Select one of the ruses, then have your child pretend you’re the stranger, says Dr. Benoit. See what kind of script unfolds, based on the premise that 1) you will be persistent in your pretend role, and 2) your child will never accept. Give your child permission to “yell” at you in your make-believe role.
Use props, such as a bag of candy and a photo of a puppy. Take the role playing outdoors. Practice various permutations: your child on a bike, you in a car; your child on foot, you on a bike or in a car, etc.
Role play in the rain, cold and extreme heat so that your child builds up the resistance to lures of a heated or air-conditioned car or of getting out of the rain.
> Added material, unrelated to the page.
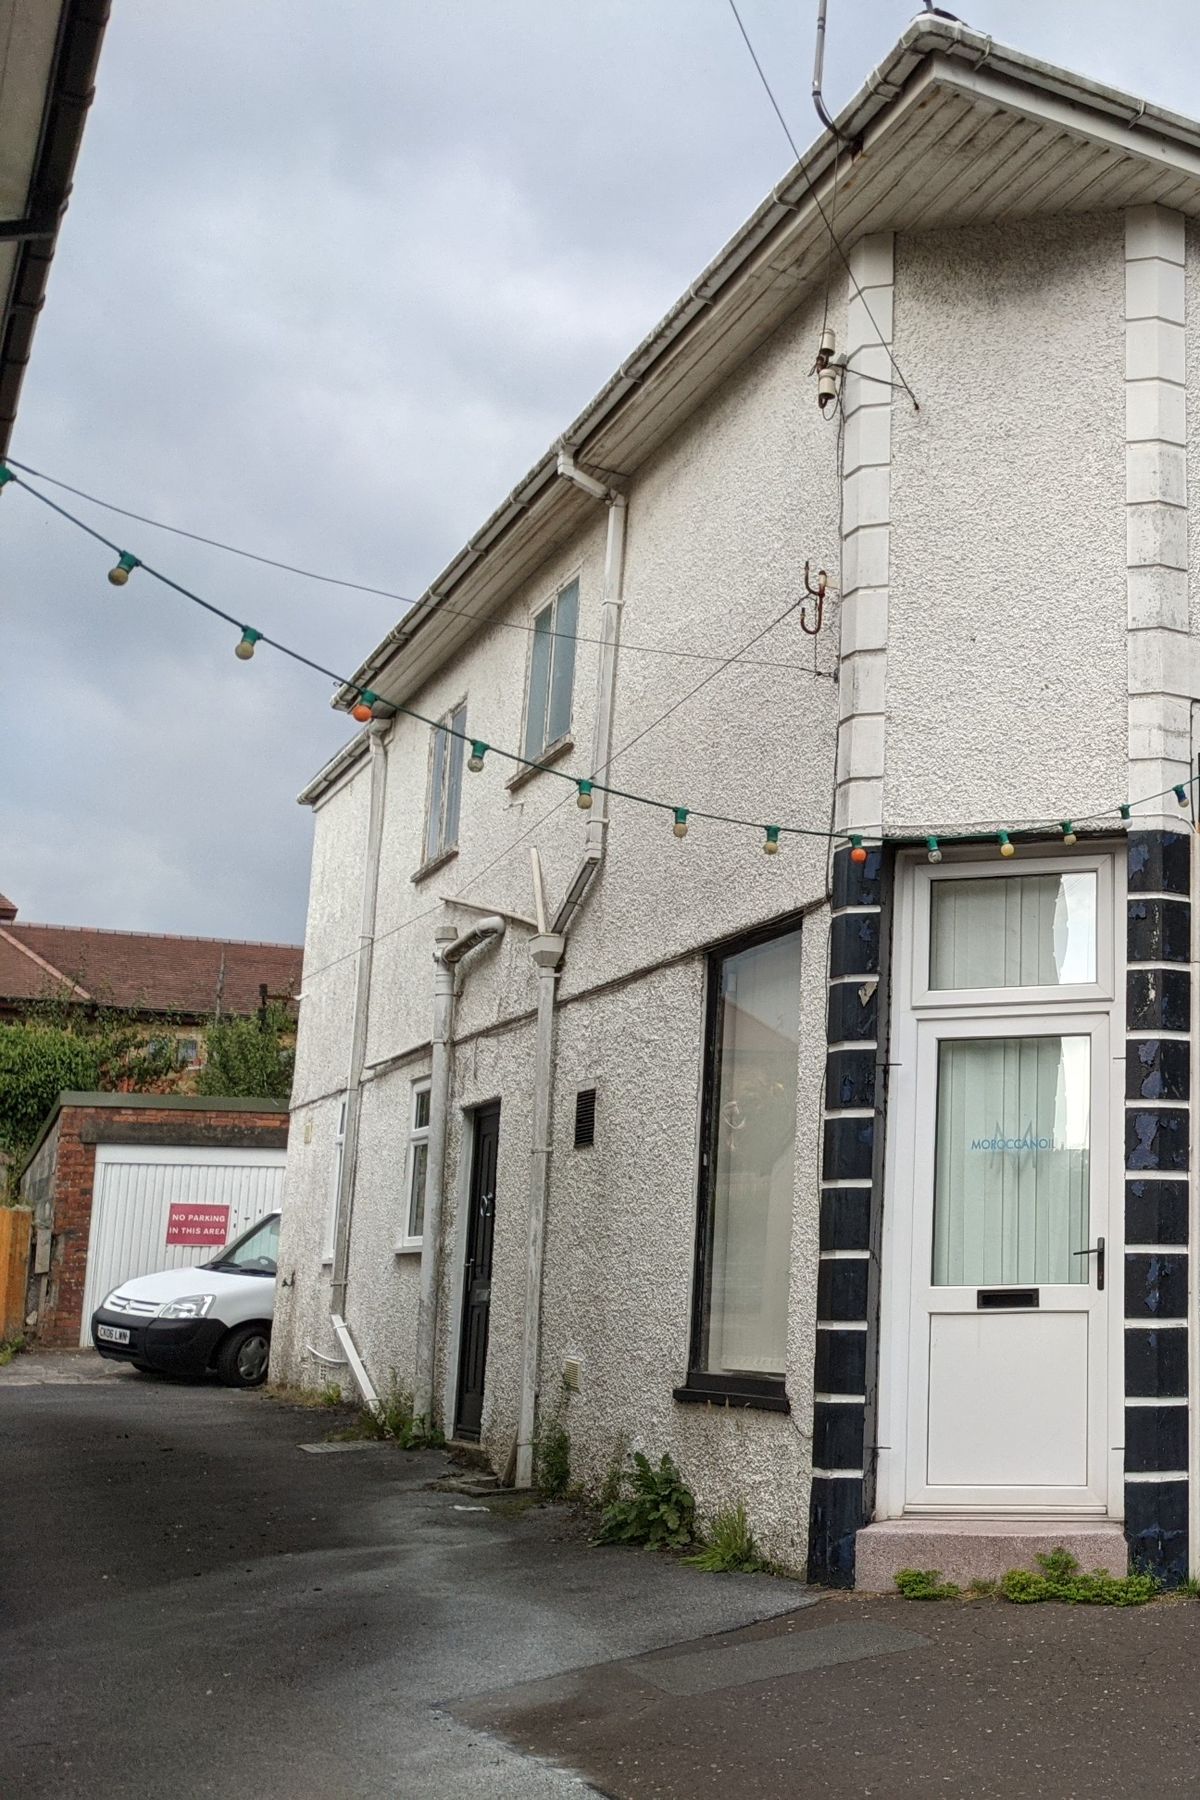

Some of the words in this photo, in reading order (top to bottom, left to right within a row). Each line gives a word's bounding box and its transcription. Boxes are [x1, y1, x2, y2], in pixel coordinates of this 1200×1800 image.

All of this role playing will imprint upon a child’s brain, making the resistance to the lures of abduction attempts increasingly reflexive and increasingly impenetrable.
Rehearse over and over so that it becomes second-nature for a child with tired legs in the heat to run in the opposite direction when a stranger offers a ride in his air-conditioned car.
“Play through different scenarios,” urges Dr. Benoit. Ask your child to come up with some of these different scenarios. This will get the brain cells firing.
“It may be useful to have the child pretend that he or she is the stranger,” adds Dr. Benoit. This will really get the brain cells exercising – and proliferating as new insights are formed.
“Role playing is a great opportunity for children to learn and develop skills,” says Dr. Benoit. Never assume your kids are too young to benefit from learning how to recognize an abduction attempt or the common ruses. Do not put this project off, and once you start, keep it ongoing, especially since lures for older kids are different than lure tactics for younger kids.